Harvesting methane at Hillcrest Saylor Farm.
Harvesting methane at Hillcrest Saylor Farm. Photo by theregeneration.

Controlling flatulence, however, has never been an easy business, and errant bovine leakages are no exception. Cattle exist in a prolonged state of flatulence that is produced through the actions and effects of an assemblage of bodies (human, animal, vegetal, and microbial), chemicals, and technologies that work within and outside a bovine corpus that is porous and open. Flatulent bovine bodies are not simply passive sites for the assertion of human control, but tenuous zones of encounter that are characterized by the permeability of boundaries and bodily integrity, and by the differentiated sharing of vulnerability and accountability. The affective and material entanglements that form in these zones of encounter are mysterious and resist human efforts at comprehensive knowledge. I was struck by the limits of human attempts to control the other-than-human in reading an interview with one of the project scientists of an EU-funded initiative to reduce methane emissions from cattle. He noted that this would not be an easy process given that the workings of the rumen were “far more complex and hard to understand” than human digestive systems. The scientist’s admission that cows are hard to know was echoed by another researcher, who described the rumen as one of “nature’s wonders” that could adapt quickly to different scientific solutions and return to producing methane in a few weeks. These acknowledgements of partiality in human knowledge of the other-than-human are a powerful reminder of the fact that nature, as Stuart McLean puts it, is an “intimate stranger” which can never be fully brought within the ambit of human desire and understanding.

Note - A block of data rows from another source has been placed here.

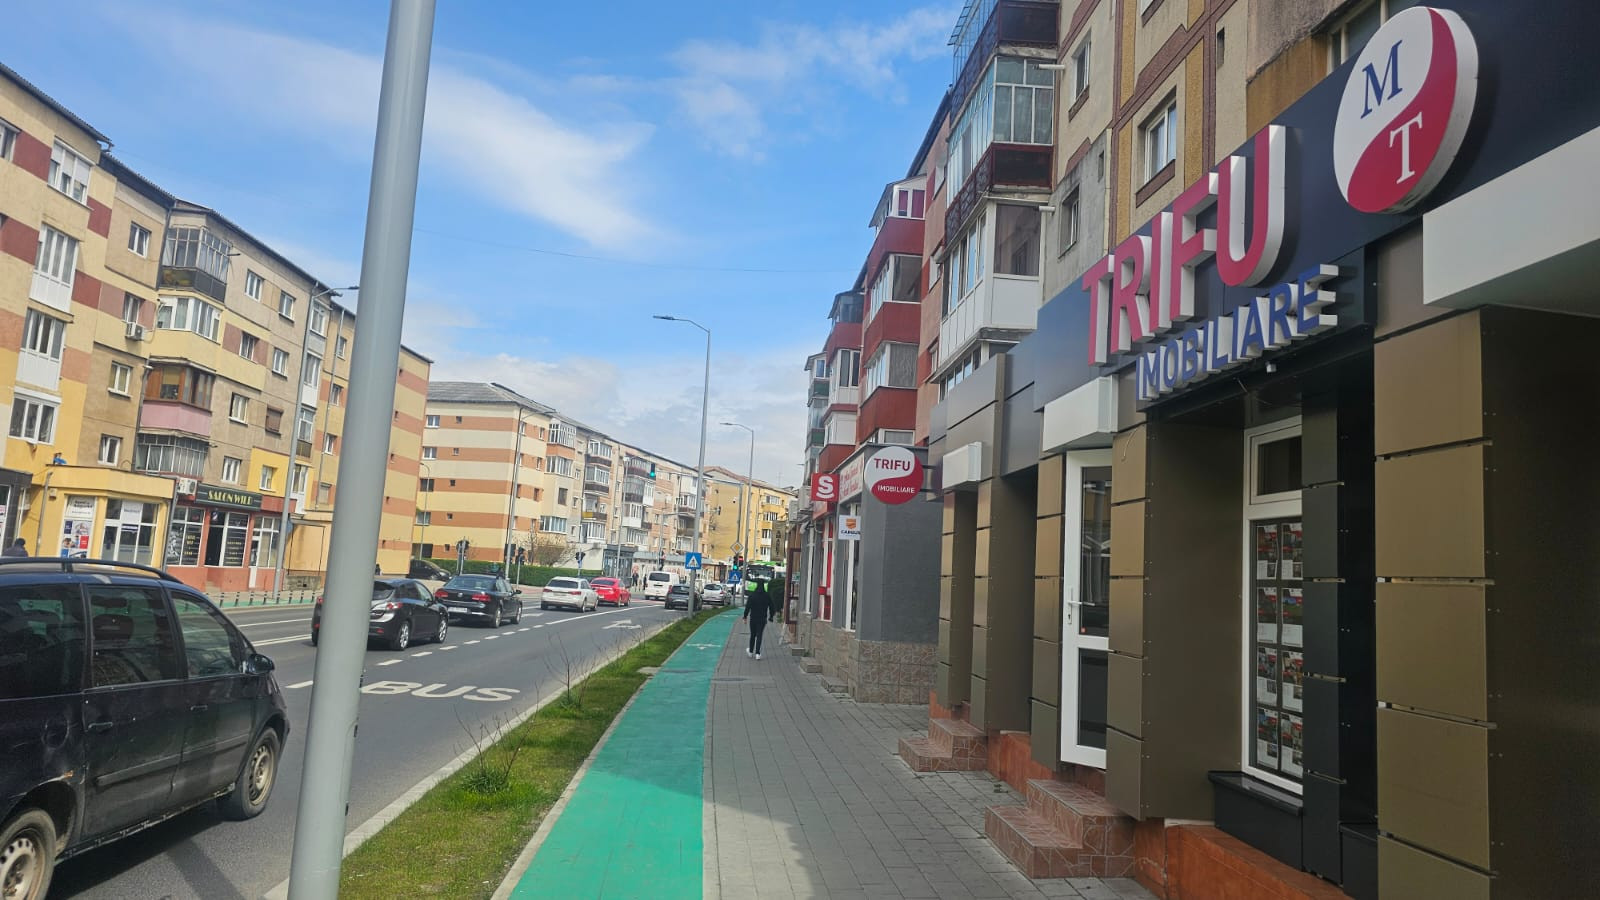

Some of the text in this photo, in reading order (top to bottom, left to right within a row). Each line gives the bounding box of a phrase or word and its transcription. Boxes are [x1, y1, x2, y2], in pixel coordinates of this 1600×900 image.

[1360, 39, 1403, 119] M
[1389, 111, 1422, 185] T
[1082, 124, 1286, 367] TRIFU
[1136, 264, 1338, 401] IMOBILIARE
[873, 458, 911, 472] TRIFU
[817, 475, 834, 494] S
[877, 486, 915, 494] IMOBILIARE
[208, 490, 233, 503] SALON
[360, 680, 520, 702] BUS

This tale of bovine flatulence resists Anthropocenic framings in another important way. In India, scientists in the state of Kerala claim that Vechur cattle, an indigenous dwarf species, are not only well suited to hot climates but also produce significantly less methane than crossbred cattle. Clearly, it is not just the undifferentiated category of the human that must be challenged and complicated in accounts of the Anthropocene (cf. Haraway 2015; Bauer and Bhan 2016), but also that of the nonhuman. In other words, not all cows are the same. This was a lesson brought home to me during my fieldwork in the mountain villages of India’s Central Himalayan state of Uttarakhand. A friend named Prabha remarked upon the prodigious appetite and emissions of Jersey cows, which have become popular in the region for the amount of milk they yield, almost twice that of indigenous pahari (mountain) cows. “They’re like the English [angrez]. They eat this much [stretching her hands wide] and shit a lot. Our cows are like us: less goes in, less comes out.” In the supposedly leveled terrain of the Anthropocene, gassiness—both in its everyday origins and in its planetary effects—remains unequally distributed across human and nonhuman bodies.

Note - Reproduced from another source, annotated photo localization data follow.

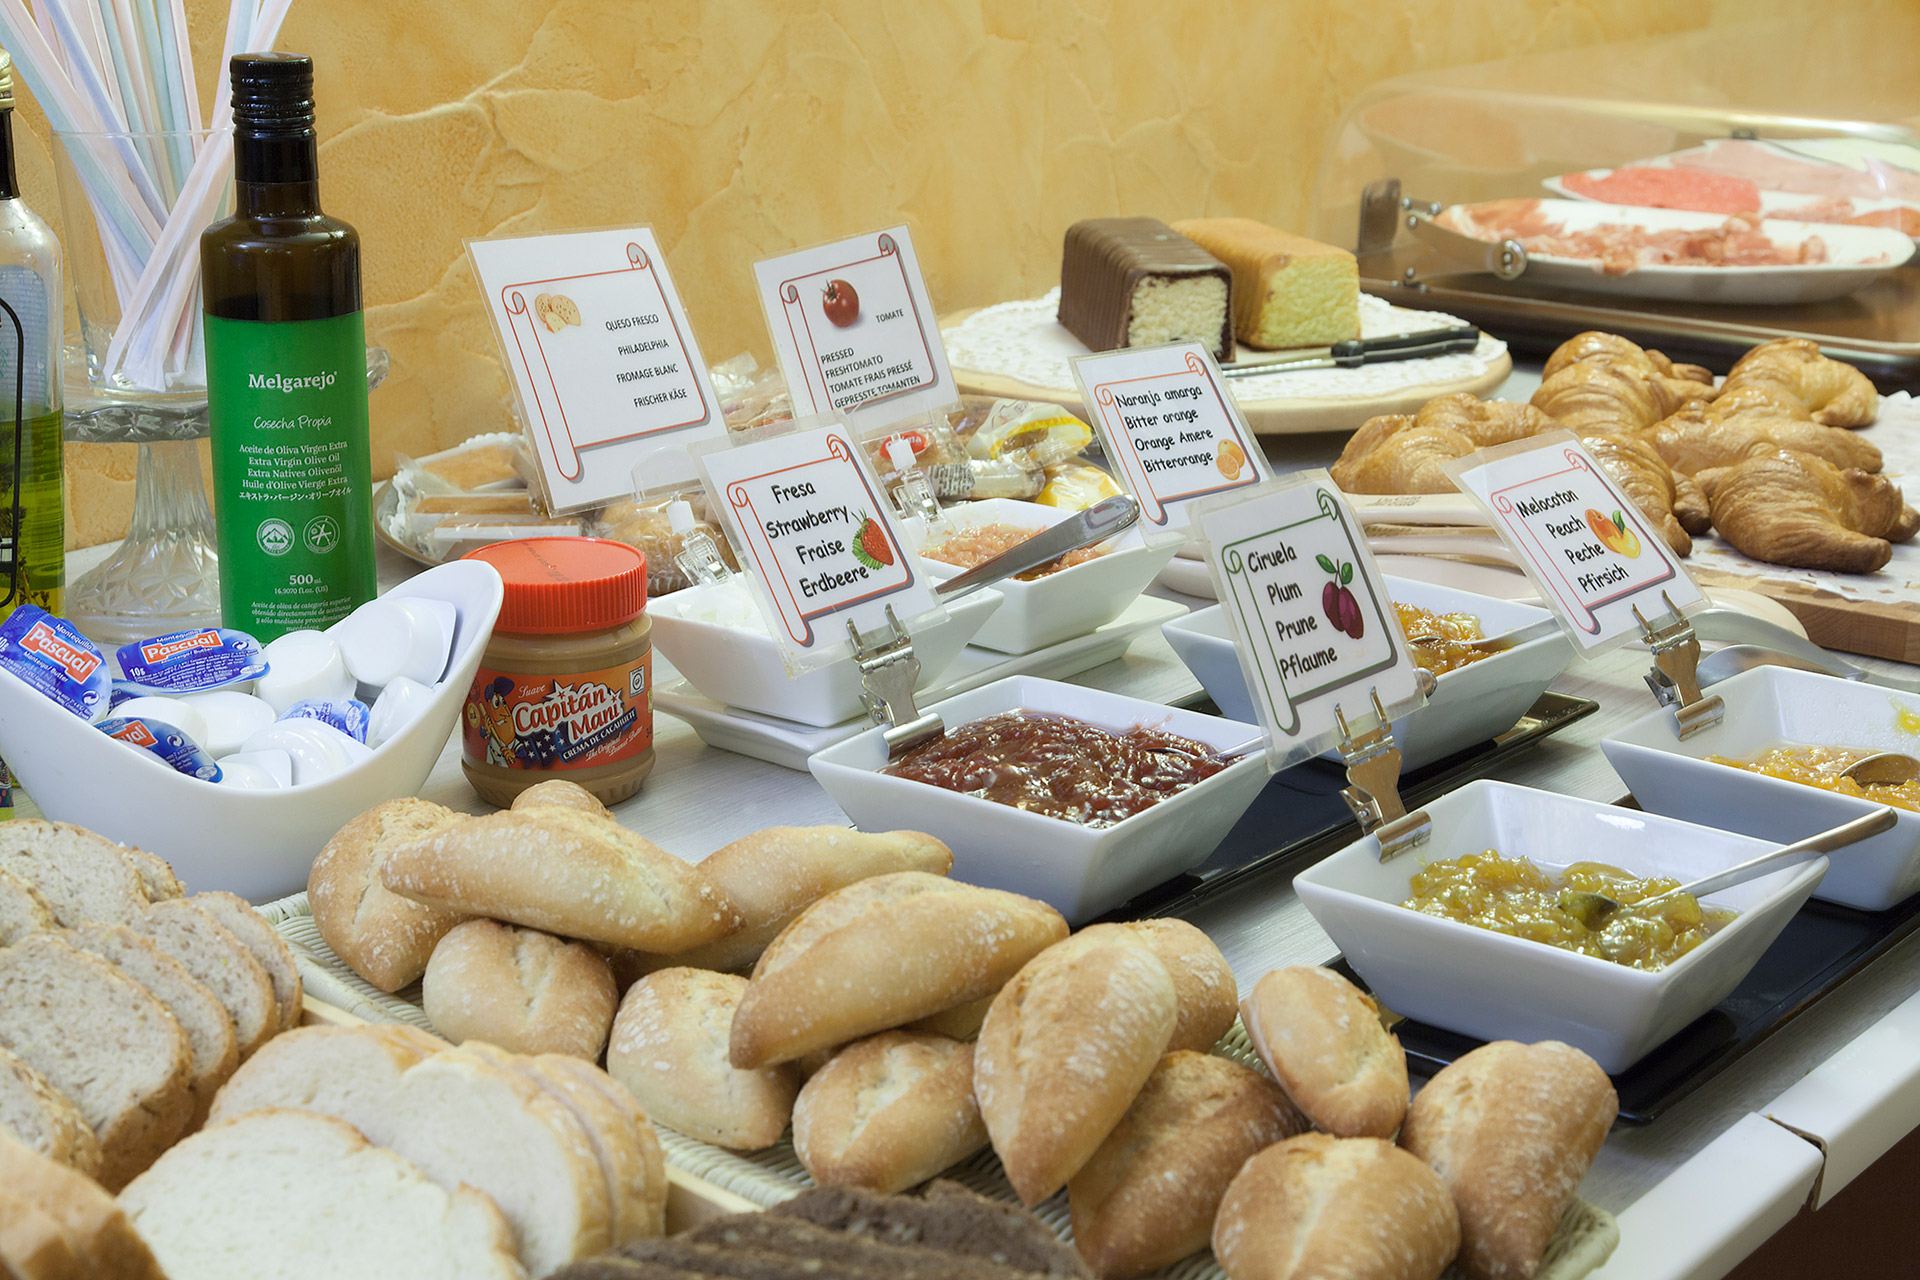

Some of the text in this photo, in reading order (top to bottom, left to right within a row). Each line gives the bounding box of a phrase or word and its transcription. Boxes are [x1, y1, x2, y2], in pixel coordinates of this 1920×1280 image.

[605, 313, 660, 332] QUESO FRESCO
[876, 308, 904, 324] TOMATE
[617, 339, 669, 356] PHILADELPHIA
[821, 347, 855, 365] PRESSED
[616, 363, 679, 384] FROMAGE BLANC
[825, 354, 884, 379] FRESHTOMATO
[829, 359, 914, 394] TOMATE FRAIS PRESSÉ
[248, 371, 336, 393] Melgarejo
[834, 374, 921, 409] GEPRESSTE TOMANTEN
[633, 388, 688, 408] FRISCHER KÄSE
[1115, 385, 1203, 408] Naranja amarga
[253, 415, 332, 431] Cosecha Propia
[1125, 408, 1199, 430] Bitter orange
[239, 441, 348, 455] Aceite de Oliva Virgen Extra
[1134, 428, 1214, 451] Orange Amere
[247, 464, 342, 478] Extra Natives Olivenöl
[248, 452, 340, 468] Extra Virgin Olive Oil
[1142, 451, 1214, 473] Bitterorange
[242, 476, 348, 490] Huile d'Olive Vierge Extra
[770, 481, 817, 504] Fresa
[1515, 487, 1580, 518] Melocoton
[765, 505, 850, 539] Strawberry
[1545, 515, 1587, 539] Peach
[795, 539, 846, 565] Fraise
[1247, 541, 1298, 573] Ciruela
[1564, 541, 1605, 565] Peche
[289, 574, 314, 585] 500
[799, 565, 870, 598] Erdbeere
[1577, 563, 1630, 593] Pfirsich
[1266, 582, 1303, 605] Plum
[55, 623, 94, 650] Mantequilla
[156, 630, 200, 643] Mantequilla
[1275, 615, 1318, 642] Prune
[29, 628, 93, 673] Pascual
[146, 634, 214, 659] Pascual
[129, 667, 146, 677] 10g
[1279, 646, 1339, 680] Pflaume
[518, 684, 546, 699] Suave
[515, 686, 607, 732] Capitán
[562, 742, 589, 760] CREMA
[589, 734, 600, 747] DE

Bauer, Andrew and Mona Bhan. 2016. “Welfare and the Politics and Historicity of the Anthropocene.” South Atlantic Quarterly 115, no. 1: 61–87.

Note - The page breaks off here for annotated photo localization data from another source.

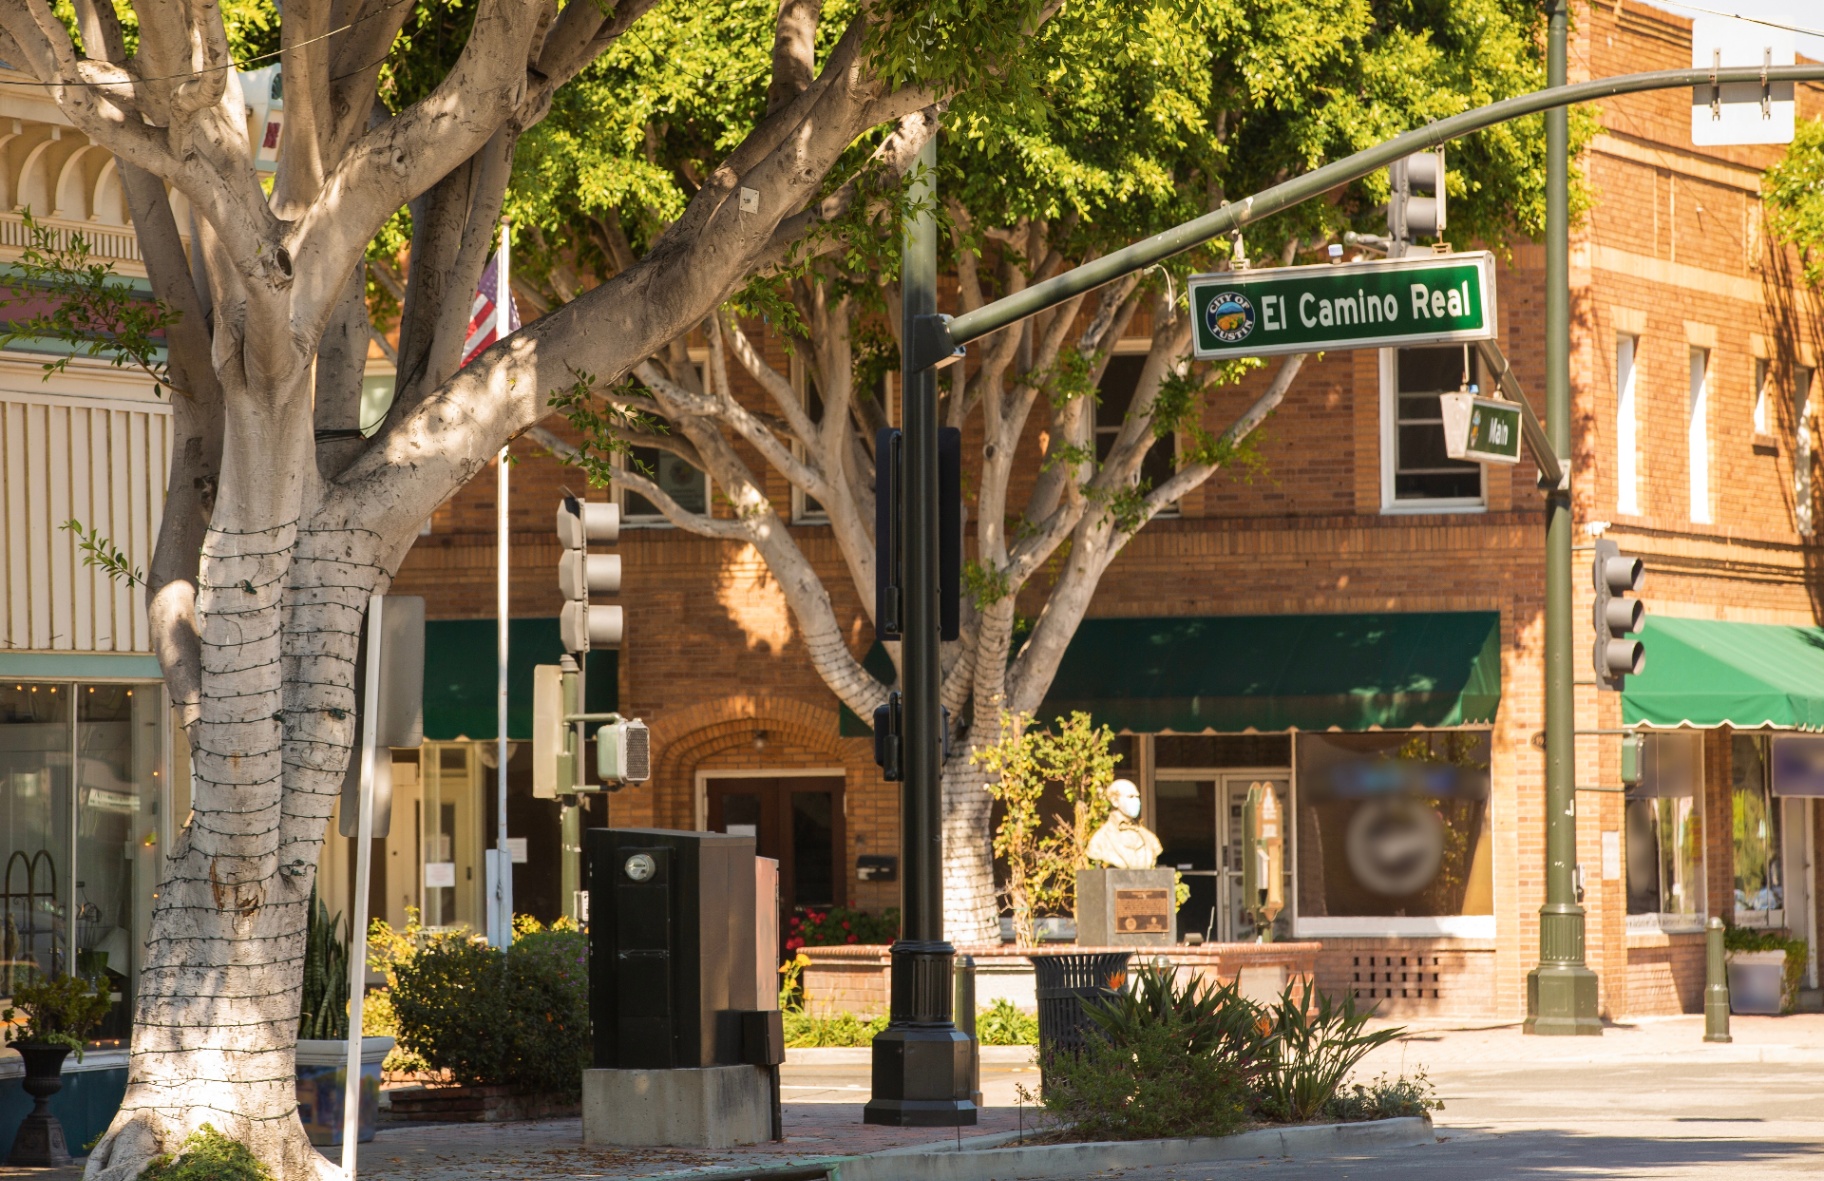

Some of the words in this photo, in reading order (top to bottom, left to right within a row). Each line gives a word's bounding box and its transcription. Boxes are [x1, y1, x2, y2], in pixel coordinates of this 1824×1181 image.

[1209, 294, 1231, 314] CITY
[1234, 295, 1250, 309] OF
[1261, 295, 1287, 331] El
[1299, 288, 1398, 328] Camino
[1410, 280, 1470, 319] Real
[1212, 319, 1253, 340] TUSTIN
[1488, 417, 1509, 446] Main

Chakrabarty, Dipesh. 2009. “The Climate of History: Four Theses.” Critical Inquiry 35, no. 2: 197–222.

Environmental Protection Agency (EPA). 2015. “Inventory of U.S. Greenhouse Gas Emissions and Sinks: 1990–2013.” 

Haraway, Donna. 2015. “Anthropocene, Capitalocene, Plantationocene, Chthulucene: Making Kin.” Environmental Humanities 6: 159–65.

Howarth, Robert W. 2014. “A Bridge to Nowhere: Methane Emissions and the Greenhouse Gas Footprint of Natural Gas.” Energy Science and Engineering 2, no. 2: 48–60.